REQUIRED ACTION:
Output each line of the data below exactly, omitting any image.

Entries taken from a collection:
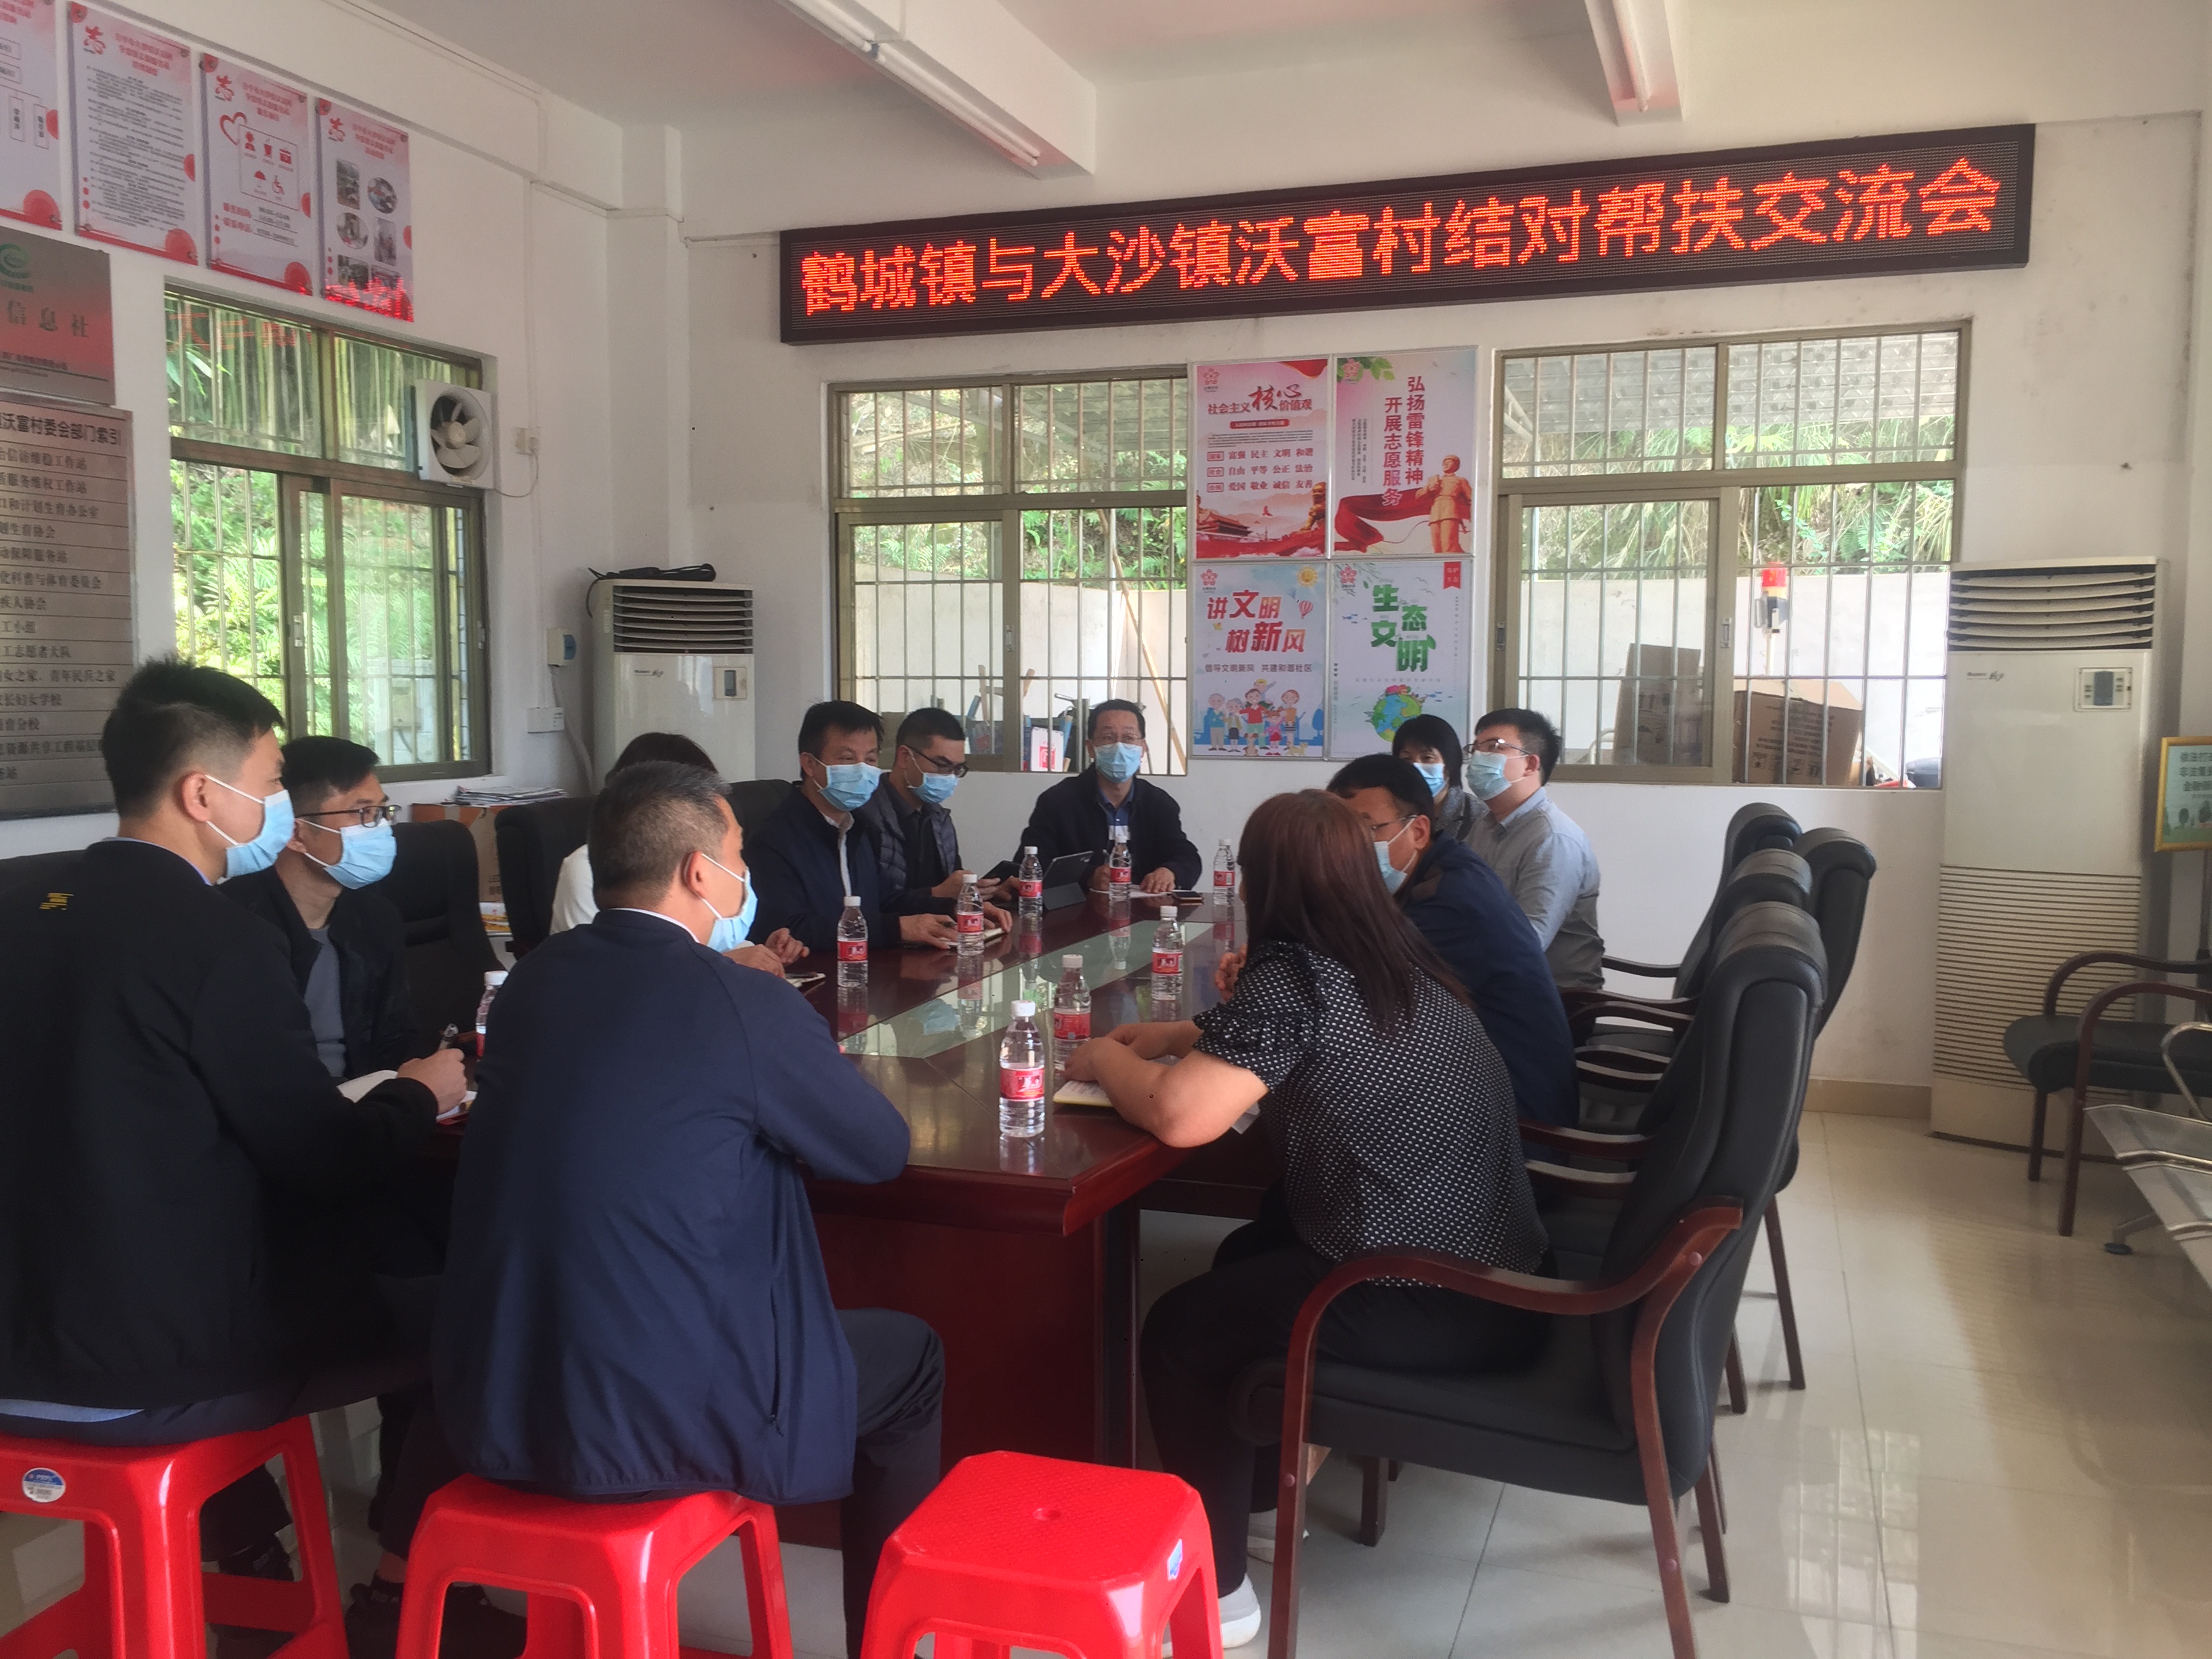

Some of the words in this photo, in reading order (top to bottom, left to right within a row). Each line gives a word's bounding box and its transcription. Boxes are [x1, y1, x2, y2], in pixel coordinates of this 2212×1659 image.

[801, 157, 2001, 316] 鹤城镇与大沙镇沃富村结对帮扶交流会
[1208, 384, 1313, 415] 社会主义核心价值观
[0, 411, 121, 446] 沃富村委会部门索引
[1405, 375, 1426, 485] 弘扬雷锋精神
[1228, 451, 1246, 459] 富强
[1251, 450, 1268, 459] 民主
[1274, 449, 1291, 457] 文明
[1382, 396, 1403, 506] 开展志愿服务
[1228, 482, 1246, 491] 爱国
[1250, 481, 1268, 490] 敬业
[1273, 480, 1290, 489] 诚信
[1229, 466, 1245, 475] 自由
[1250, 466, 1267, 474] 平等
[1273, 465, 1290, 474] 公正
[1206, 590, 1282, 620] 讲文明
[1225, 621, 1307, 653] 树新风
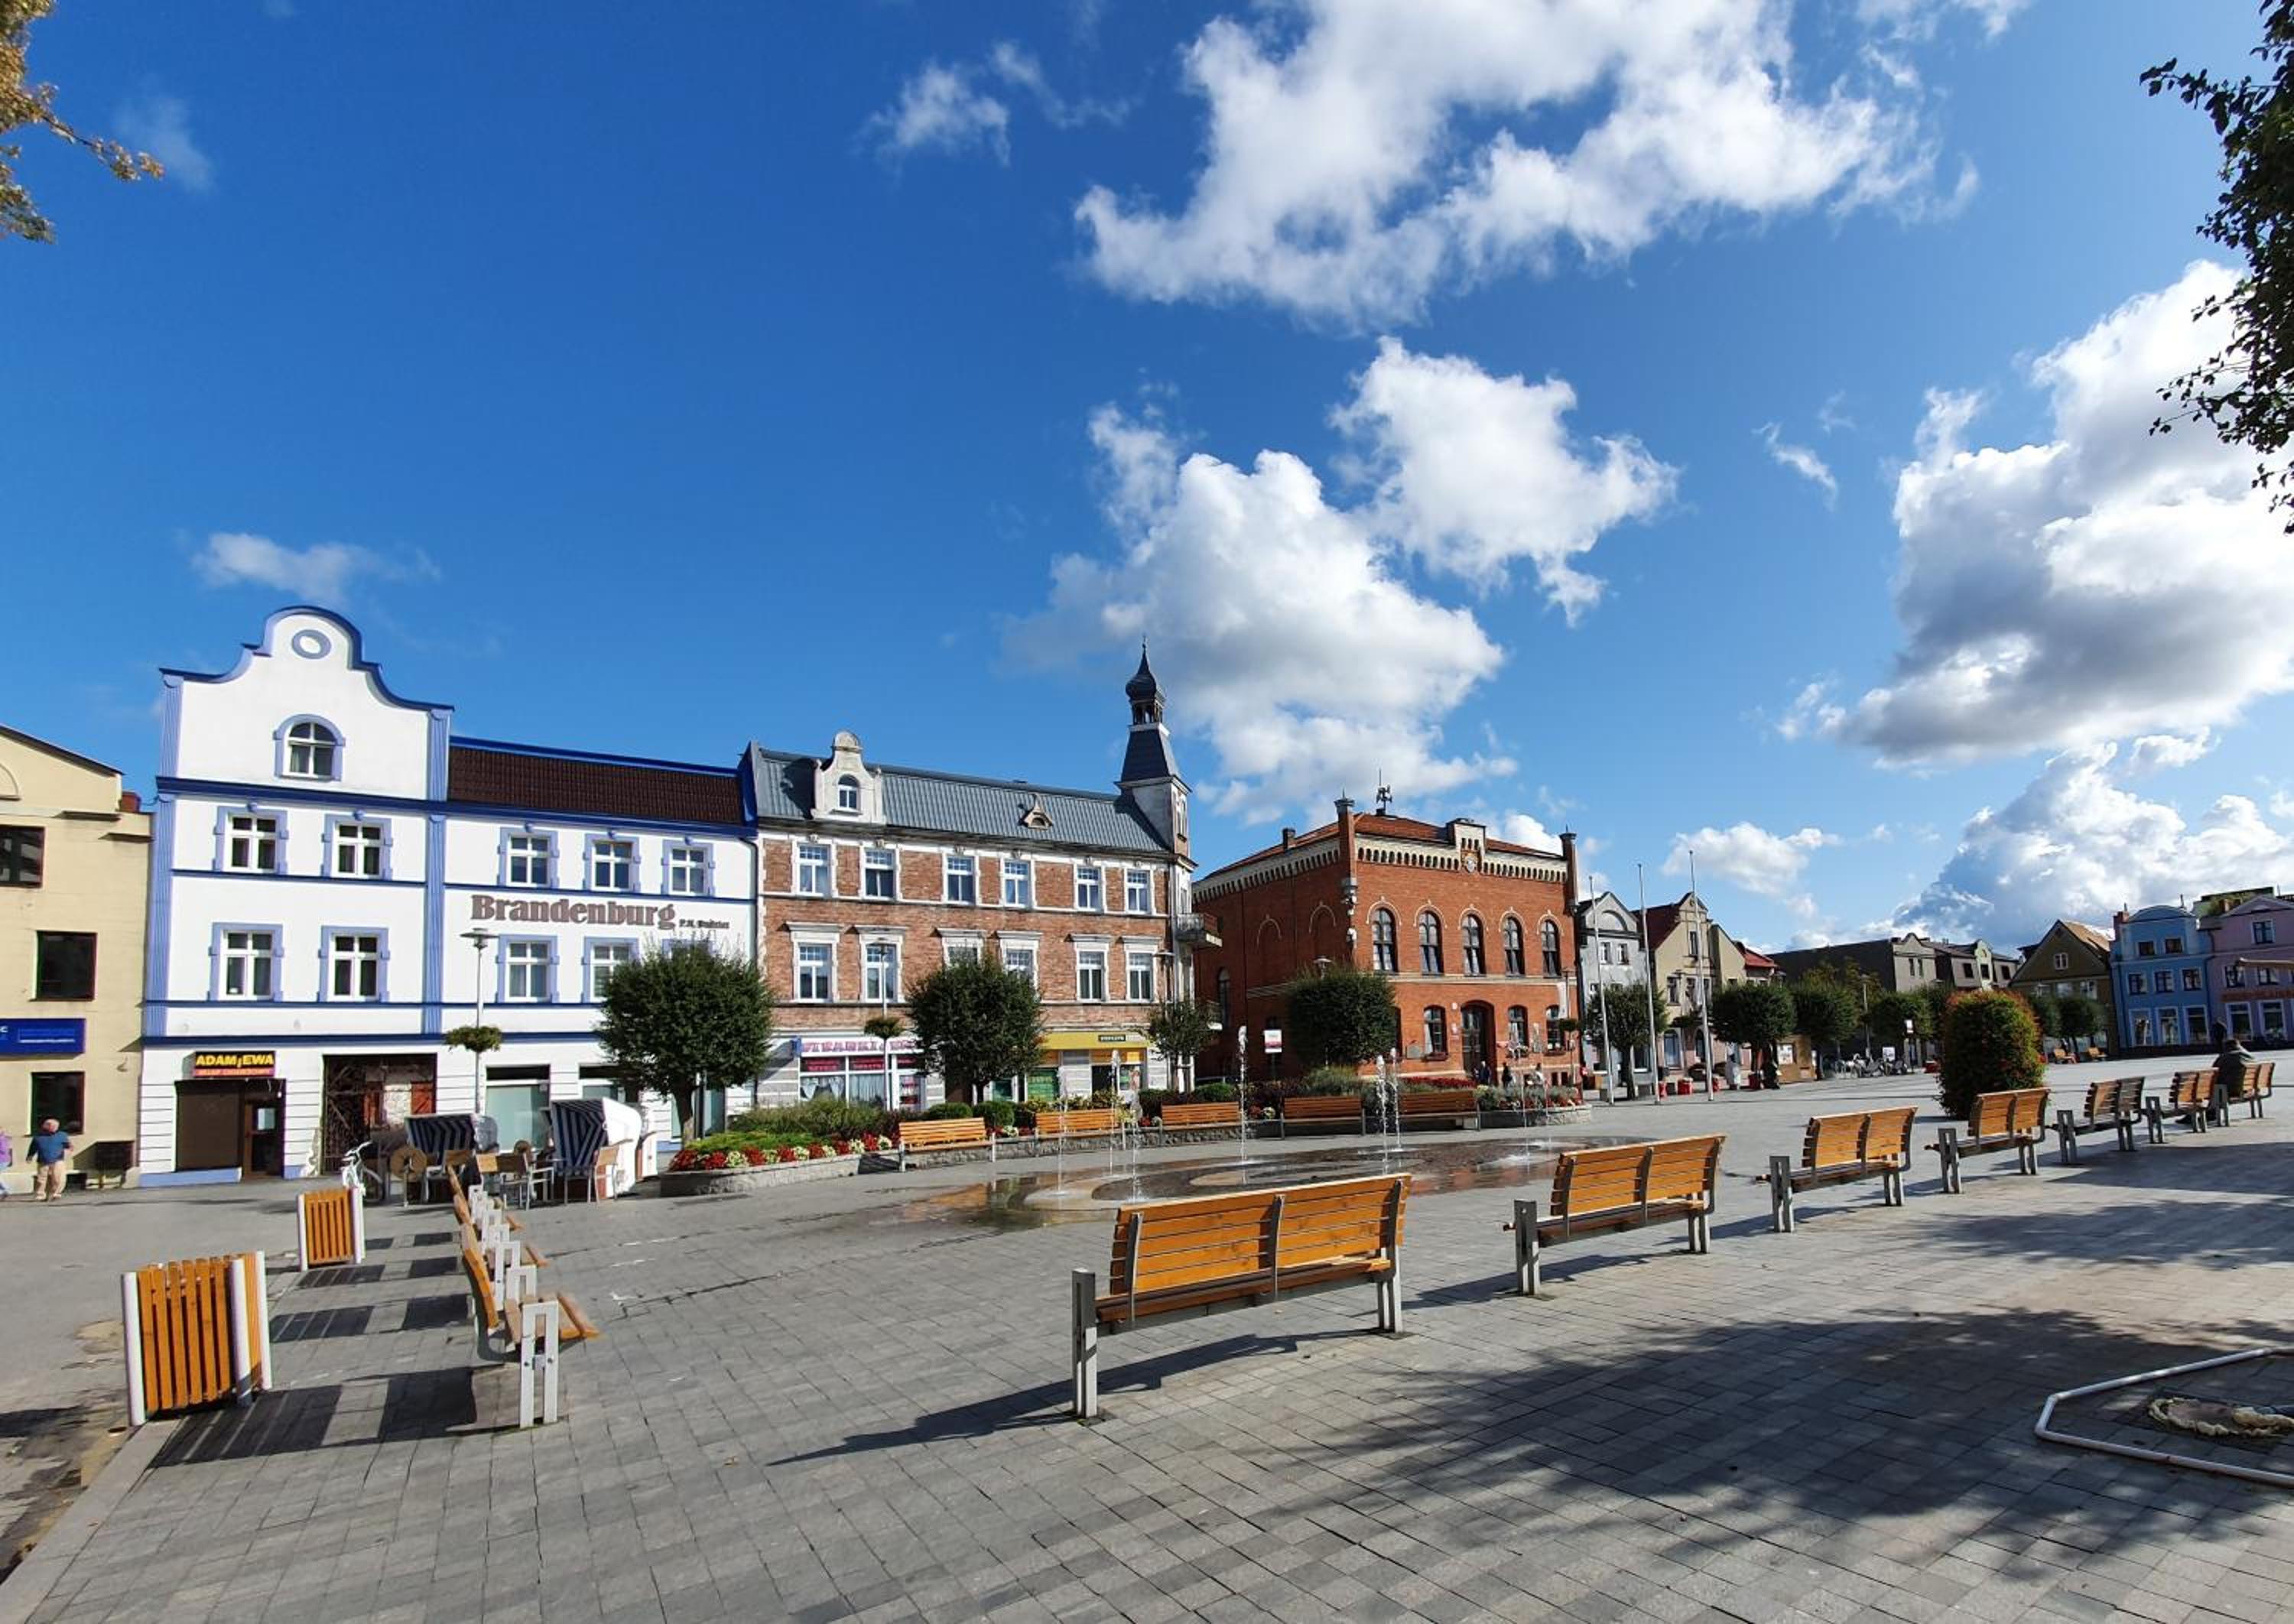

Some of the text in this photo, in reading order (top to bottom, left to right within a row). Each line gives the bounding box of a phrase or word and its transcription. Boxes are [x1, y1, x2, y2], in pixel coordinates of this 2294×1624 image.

TASK RESPONSE:
Some of the words in this photo, in reading order (top to bottom, left to right within a row). Each line gives a word's bounding box and its transcription. Boxes are [x1, y1, x2, y2], in pixel coordinates of this 2212×1659 image.

[801, 157, 2001, 316] 鹤城镇与大沙镇沃富村结对帮扶交流会
[1208, 384, 1313, 415] 社会主义核心价值观
[0, 411, 121, 446] 沃富村委会部门索引
[1405, 375, 1426, 485] 弘扬雷锋精神
[1228, 451, 1246, 459] 富强
[1251, 450, 1268, 459] 民主
[1274, 449, 1291, 457] 文明
[1382, 396, 1403, 506] 开展志愿服务
[1228, 482, 1246, 491] 爱国
[1250, 481, 1268, 490] 敬业
[1273, 480, 1290, 489] 诚信
[1229, 466, 1245, 475] 自由
[1250, 466, 1267, 474] 平等
[1273, 465, 1290, 474] 公正
[1206, 590, 1282, 620] 讲文明
[1225, 621, 1307, 653] 树新风

Some of the text in this photo, in reading order (top to bottom, left to right within a row). Each line gives the bounding box of a phrase or word and its transcription. Boxes are [x1, y1, x2, y2], in pixel coordinates of this 2294×1624 image.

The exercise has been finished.